TASK GOAL:
In the records below, copy the line that contains "this 1650×1650 image." and each line after it, word for word, through the last.

DATA TO USE START

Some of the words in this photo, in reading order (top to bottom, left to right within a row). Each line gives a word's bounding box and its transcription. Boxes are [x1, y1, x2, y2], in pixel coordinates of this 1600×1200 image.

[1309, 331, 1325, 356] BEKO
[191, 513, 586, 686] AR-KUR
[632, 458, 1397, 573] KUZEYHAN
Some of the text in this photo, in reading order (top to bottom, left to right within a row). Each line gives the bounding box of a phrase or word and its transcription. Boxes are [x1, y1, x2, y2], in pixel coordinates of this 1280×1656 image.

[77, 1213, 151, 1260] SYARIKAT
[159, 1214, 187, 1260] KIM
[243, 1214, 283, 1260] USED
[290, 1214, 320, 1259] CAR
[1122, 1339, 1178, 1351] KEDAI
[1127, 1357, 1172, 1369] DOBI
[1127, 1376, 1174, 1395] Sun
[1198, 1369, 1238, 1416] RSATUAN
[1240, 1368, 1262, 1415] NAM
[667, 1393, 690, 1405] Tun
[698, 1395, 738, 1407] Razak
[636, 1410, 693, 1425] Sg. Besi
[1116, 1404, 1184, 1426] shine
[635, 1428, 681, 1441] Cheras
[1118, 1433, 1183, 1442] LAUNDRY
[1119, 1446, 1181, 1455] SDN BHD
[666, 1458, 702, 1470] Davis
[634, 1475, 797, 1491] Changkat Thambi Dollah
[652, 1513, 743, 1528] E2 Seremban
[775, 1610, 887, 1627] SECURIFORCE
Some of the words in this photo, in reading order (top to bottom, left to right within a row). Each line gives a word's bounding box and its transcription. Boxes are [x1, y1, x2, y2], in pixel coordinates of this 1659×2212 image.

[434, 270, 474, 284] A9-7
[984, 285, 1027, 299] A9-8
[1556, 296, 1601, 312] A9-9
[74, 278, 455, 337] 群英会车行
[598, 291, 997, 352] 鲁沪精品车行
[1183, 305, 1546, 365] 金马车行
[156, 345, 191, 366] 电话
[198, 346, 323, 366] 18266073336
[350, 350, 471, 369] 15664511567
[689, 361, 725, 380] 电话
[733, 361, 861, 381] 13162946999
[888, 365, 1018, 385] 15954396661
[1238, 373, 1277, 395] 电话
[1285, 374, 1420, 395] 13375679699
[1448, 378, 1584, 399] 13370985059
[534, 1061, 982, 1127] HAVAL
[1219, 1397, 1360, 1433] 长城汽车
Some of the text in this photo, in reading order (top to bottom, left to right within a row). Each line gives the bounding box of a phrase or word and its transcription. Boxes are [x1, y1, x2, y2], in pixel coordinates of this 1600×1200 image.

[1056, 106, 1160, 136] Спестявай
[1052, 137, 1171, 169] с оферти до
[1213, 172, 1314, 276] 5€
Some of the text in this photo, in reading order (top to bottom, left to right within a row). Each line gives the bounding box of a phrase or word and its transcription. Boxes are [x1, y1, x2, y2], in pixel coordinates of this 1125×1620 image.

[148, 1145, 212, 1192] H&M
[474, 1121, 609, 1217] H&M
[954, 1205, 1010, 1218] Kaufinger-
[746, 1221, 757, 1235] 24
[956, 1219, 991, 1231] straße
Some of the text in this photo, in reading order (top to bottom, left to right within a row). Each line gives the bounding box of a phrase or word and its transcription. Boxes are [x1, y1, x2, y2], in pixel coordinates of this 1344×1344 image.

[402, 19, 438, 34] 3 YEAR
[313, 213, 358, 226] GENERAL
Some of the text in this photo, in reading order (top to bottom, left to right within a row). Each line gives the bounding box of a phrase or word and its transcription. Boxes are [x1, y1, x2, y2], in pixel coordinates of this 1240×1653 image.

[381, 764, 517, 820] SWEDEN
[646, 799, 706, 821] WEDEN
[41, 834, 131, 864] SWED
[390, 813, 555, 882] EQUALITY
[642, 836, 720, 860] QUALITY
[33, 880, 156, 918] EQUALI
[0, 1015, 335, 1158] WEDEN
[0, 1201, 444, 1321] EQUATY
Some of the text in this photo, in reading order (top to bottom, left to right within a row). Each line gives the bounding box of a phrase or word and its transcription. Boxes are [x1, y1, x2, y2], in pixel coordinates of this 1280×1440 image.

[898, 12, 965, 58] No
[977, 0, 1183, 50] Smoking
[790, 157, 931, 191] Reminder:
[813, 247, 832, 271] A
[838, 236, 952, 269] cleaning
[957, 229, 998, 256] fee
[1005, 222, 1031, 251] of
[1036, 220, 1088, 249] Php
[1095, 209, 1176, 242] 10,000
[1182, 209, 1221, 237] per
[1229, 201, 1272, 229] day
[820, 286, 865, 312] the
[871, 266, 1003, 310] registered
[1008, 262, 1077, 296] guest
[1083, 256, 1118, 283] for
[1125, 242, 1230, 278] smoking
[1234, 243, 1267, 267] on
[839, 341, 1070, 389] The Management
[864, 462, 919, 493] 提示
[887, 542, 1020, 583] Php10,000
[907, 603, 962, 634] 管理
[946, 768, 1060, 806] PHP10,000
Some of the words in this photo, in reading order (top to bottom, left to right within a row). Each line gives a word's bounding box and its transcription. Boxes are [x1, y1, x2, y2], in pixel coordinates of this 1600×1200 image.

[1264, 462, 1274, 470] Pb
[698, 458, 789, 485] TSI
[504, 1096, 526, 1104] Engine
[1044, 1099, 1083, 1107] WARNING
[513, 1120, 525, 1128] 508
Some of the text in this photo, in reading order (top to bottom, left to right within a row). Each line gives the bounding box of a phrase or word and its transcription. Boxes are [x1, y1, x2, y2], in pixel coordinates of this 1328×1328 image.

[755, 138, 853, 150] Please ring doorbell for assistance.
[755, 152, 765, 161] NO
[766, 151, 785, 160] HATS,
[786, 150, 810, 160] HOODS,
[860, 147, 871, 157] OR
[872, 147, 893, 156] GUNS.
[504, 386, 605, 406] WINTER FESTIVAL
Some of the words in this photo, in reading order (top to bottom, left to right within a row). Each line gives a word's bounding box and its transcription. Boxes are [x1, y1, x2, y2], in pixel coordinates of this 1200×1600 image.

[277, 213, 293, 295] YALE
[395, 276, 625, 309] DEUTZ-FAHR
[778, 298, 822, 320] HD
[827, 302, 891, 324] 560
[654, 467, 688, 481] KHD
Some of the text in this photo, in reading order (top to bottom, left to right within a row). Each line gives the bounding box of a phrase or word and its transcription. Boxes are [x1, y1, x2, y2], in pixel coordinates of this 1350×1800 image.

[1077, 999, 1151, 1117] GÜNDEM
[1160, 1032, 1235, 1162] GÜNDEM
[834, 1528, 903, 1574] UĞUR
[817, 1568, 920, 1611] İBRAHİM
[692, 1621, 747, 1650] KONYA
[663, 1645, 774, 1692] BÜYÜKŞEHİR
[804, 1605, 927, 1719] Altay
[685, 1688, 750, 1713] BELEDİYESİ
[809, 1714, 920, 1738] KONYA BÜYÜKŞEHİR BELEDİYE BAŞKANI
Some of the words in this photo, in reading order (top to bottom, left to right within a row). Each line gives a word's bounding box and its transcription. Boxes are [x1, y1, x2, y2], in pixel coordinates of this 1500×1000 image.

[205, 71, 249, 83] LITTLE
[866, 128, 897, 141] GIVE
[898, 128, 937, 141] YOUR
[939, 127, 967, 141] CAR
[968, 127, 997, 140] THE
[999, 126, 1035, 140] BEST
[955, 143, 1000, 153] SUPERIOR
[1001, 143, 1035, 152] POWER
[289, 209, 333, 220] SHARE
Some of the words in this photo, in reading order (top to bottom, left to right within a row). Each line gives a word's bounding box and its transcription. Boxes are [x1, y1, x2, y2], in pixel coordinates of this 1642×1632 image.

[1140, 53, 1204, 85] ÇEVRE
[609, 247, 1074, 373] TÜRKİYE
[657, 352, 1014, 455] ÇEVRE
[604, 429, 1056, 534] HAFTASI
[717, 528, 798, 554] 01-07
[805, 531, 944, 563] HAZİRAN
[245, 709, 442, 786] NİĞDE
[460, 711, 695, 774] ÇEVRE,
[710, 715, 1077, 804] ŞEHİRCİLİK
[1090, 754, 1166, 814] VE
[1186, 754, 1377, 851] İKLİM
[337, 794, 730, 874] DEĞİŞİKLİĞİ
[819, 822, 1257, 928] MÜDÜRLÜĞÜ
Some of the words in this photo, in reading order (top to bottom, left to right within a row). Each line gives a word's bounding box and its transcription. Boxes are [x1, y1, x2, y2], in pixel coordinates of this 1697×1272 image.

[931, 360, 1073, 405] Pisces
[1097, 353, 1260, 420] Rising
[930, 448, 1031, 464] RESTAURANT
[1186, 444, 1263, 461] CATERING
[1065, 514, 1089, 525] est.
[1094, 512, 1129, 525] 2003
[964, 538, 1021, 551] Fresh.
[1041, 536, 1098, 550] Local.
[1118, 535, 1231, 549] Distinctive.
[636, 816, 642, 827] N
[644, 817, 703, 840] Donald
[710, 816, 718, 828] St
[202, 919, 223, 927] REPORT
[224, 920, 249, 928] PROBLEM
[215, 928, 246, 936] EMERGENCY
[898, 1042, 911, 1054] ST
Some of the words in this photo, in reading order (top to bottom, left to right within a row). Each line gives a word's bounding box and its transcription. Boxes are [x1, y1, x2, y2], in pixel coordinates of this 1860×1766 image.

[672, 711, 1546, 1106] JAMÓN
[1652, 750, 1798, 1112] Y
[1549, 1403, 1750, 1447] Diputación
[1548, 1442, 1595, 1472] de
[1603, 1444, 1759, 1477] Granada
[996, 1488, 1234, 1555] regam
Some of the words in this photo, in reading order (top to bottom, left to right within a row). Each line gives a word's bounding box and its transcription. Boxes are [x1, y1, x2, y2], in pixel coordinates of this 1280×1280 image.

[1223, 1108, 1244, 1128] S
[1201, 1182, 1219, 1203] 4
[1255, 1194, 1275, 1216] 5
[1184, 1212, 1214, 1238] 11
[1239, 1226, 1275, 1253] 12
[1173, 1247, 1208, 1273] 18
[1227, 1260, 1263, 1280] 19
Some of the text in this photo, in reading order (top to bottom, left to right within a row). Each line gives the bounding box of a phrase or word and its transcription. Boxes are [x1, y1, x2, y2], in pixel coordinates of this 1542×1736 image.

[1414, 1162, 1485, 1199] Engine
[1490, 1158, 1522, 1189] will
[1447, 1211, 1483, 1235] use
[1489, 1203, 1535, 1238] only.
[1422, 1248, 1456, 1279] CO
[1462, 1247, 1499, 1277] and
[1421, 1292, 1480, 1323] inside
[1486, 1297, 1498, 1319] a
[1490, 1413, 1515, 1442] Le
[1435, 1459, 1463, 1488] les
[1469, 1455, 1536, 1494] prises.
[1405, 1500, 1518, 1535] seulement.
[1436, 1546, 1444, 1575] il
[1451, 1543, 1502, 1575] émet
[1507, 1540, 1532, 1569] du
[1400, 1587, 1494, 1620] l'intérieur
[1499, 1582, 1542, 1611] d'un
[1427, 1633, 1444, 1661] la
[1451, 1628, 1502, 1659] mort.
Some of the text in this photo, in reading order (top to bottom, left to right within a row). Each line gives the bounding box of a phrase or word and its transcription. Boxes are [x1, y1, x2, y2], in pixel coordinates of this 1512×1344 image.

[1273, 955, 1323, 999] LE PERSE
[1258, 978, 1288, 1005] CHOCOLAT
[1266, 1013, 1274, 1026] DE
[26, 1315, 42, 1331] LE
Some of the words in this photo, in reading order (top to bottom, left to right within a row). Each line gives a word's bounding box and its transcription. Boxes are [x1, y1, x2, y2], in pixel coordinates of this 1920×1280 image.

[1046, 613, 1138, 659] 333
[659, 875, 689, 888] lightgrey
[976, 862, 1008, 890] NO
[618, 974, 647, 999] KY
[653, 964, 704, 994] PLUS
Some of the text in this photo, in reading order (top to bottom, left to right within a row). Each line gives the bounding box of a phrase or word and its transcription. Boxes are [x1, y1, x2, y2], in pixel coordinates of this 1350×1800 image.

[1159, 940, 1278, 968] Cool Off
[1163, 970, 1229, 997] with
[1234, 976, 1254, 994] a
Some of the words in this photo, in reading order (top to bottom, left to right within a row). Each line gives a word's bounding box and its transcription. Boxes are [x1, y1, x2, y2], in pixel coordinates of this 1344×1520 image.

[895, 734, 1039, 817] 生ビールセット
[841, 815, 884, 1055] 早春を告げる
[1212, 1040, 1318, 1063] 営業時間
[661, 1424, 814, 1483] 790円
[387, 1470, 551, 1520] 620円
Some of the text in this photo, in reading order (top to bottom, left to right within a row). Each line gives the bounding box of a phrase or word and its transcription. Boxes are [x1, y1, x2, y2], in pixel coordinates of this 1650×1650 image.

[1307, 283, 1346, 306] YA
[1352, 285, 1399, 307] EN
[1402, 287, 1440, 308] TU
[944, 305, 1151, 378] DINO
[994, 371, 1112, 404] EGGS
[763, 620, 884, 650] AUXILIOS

DATA TO USE END

WRITTEN REPLY:
Some of the text in this photo, in reading order (top to bottom, left to right within a row). Each line gives the bounding box of a phrase or word and its transcription. Boxes are [x1, y1, x2, y2], in pixel coordinates of this 1650×1650 image.

[1307, 283, 1346, 306] YA
[1352, 285, 1399, 307] EN
[1402, 287, 1440, 308] TU
[944, 305, 1151, 378] DINO
[994, 371, 1112, 404] EGGS
[763, 620, 884, 650] AUXILIOS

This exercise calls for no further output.